** The problem **
Without including any pictures, copy every line below exactly.

━━━ Data excerpts

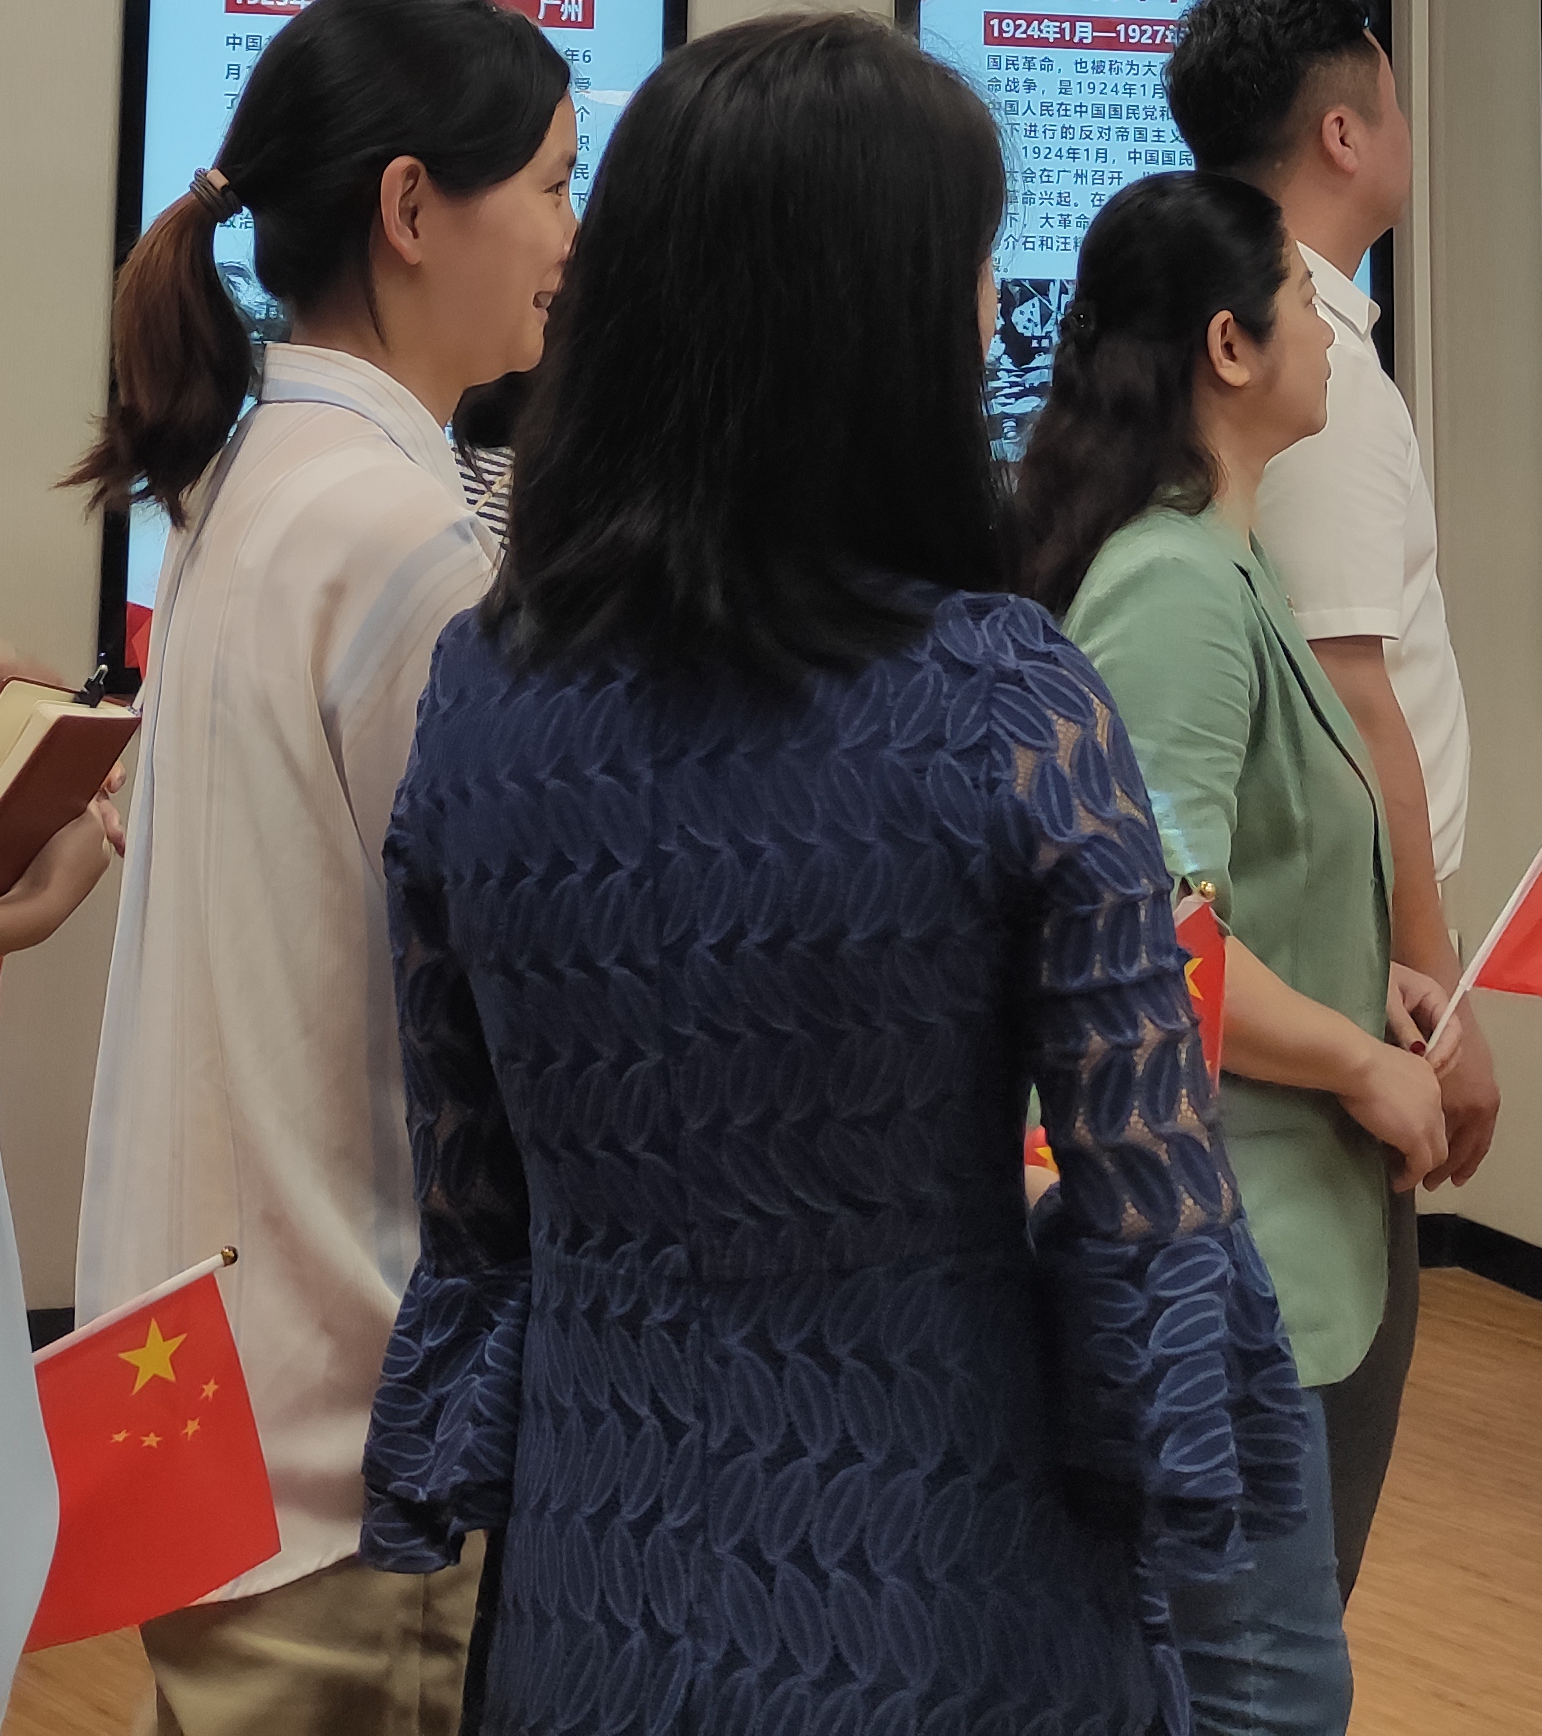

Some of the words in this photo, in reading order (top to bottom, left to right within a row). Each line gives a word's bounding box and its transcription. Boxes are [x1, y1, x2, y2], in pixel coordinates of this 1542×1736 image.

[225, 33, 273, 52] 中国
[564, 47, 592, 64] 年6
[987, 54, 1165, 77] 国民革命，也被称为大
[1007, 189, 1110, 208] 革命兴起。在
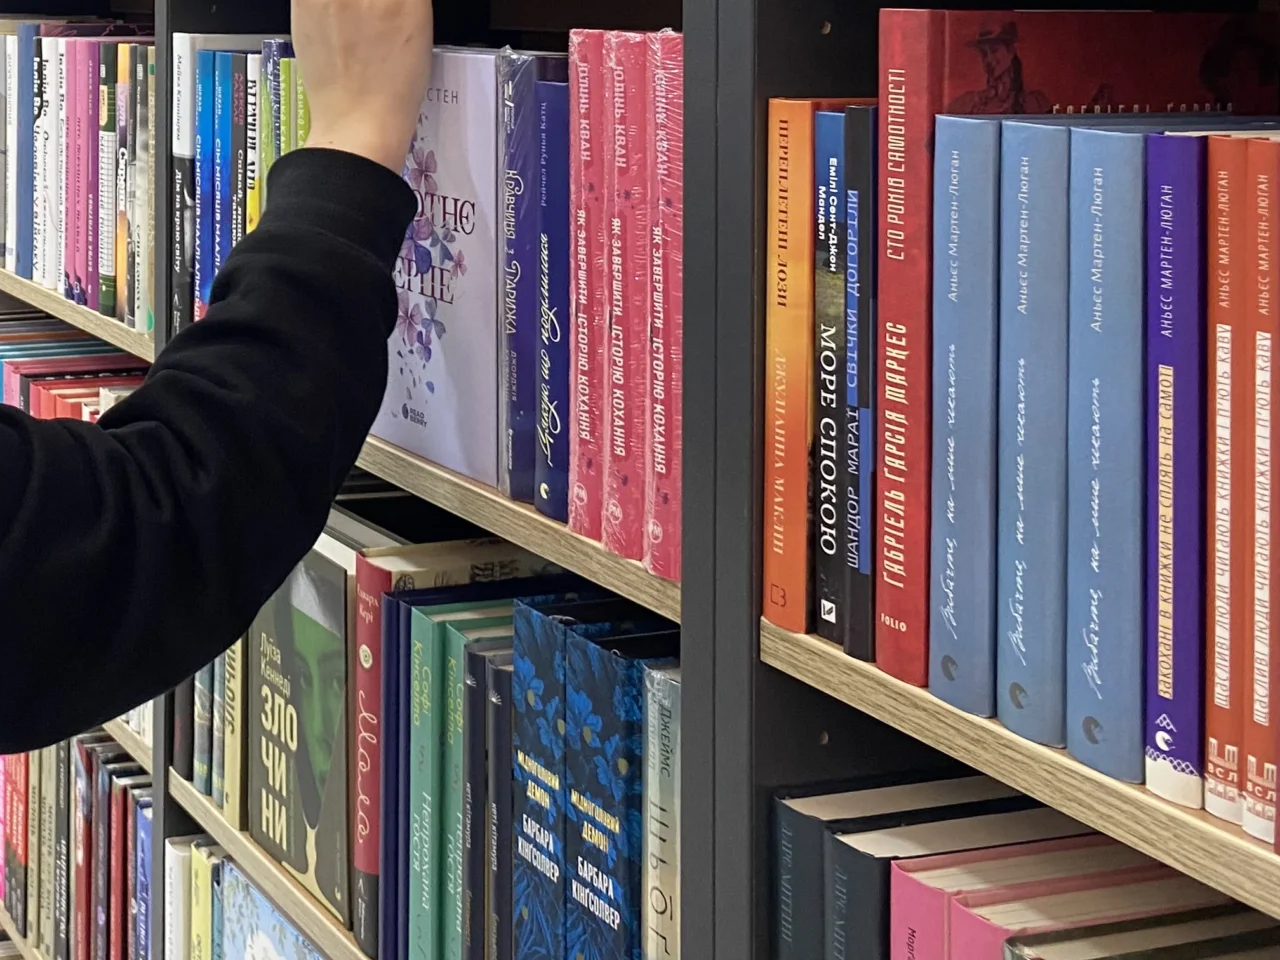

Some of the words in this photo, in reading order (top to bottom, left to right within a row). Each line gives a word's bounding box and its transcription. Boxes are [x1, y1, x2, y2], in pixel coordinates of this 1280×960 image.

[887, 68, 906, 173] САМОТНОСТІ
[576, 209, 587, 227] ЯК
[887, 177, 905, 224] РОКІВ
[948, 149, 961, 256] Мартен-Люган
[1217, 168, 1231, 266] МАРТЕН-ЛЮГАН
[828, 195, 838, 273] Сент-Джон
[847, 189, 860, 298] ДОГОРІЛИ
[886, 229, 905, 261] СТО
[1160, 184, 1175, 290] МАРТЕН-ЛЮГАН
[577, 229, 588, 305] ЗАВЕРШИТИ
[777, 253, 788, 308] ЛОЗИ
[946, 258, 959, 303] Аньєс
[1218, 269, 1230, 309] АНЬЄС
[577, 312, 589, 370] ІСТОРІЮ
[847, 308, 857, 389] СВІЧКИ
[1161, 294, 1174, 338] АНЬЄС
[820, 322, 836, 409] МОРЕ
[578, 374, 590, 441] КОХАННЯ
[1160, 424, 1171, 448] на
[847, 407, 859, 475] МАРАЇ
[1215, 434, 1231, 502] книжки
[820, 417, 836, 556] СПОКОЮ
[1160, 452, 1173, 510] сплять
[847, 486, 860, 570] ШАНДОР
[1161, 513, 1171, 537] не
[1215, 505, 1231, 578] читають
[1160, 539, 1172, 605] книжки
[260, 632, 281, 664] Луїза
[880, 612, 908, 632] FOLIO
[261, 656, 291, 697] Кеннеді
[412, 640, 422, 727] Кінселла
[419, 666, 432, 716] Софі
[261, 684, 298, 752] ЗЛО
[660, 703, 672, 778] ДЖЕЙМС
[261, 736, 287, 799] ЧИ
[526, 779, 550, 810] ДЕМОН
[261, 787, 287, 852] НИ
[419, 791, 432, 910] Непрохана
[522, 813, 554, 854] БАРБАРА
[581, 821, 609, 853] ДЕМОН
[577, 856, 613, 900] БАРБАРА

━━━━━━

** Solution to the exercise **
Some of the words in this photo, in reading order (top to bottom, left to right within a row). Each line gives a word's bounding box and its transcription. Boxes are [x1, y1, x2, y2], in pixel coordinates of this 1542×1736 image.

[225, 33, 273, 52] 中国
[564, 47, 592, 64] 年6
[987, 54, 1165, 77] 国民革命，也被称为大
[1007, 189, 1110, 208] 革命兴起。在

Some of the words in this photo, in reading order (top to bottom, left to right within a row). Each line gives a word's bounding box and its transcription. Boxes are [x1, y1, x2, y2], in pixel coordinates of this 1280×960 image.

[887, 68, 906, 173] САМОТНОСТІ
[576, 209, 587, 227] ЯК
[887, 177, 905, 224] РОКІВ
[948, 149, 961, 256] Мартен-Люган
[1217, 168, 1231, 266] МАРТЕН-ЛЮГАН
[828, 195, 838, 273] Сент-Джон
[847, 189, 860, 298] ДОГОРІЛИ
[886, 229, 905, 261] СТО
[1160, 184, 1175, 290] МАРТЕН-ЛЮГАН
[577, 229, 588, 305] ЗАВЕРШИТИ
[777, 253, 788, 308] ЛОЗИ
[946, 258, 959, 303] Аньєс
[1218, 269, 1230, 309] АНЬЄС
[577, 312, 589, 370] ІСТОРІЮ
[847, 308, 857, 389] СВІЧКИ
[1161, 294, 1174, 338] АНЬЄС
[820, 322, 836, 409] МОРЕ
[578, 374, 590, 441] КОХАННЯ
[1160, 424, 1171, 448] на
[847, 407, 859, 475] МАРАЇ
[1215, 434, 1231, 502] книжки
[820, 417, 836, 556] СПОКОЮ
[1160, 452, 1173, 510] сплять
[847, 486, 860, 570] ШАНДОР
[1161, 513, 1171, 537] не
[1215, 505, 1231, 578] читають
[1160, 539, 1172, 605] книжки
[260, 632, 281, 664] Луїза
[880, 612, 908, 632] FOLIO
[261, 656, 291, 697] Кеннеді
[412, 640, 422, 727] Кінселла
[419, 666, 432, 716] Софі
[261, 684, 298, 752] ЗЛО
[660, 703, 672, 778] ДЖЕЙМС
[261, 736, 287, 799] ЧИ
[526, 779, 550, 810] ДЕМОН
[261, 787, 287, 852] НИ
[419, 791, 432, 910] Непрохана
[522, 813, 554, 854] БАРБАРА
[581, 821, 609, 853] ДЕМОН
[577, 856, 613, 900] БАРБАРА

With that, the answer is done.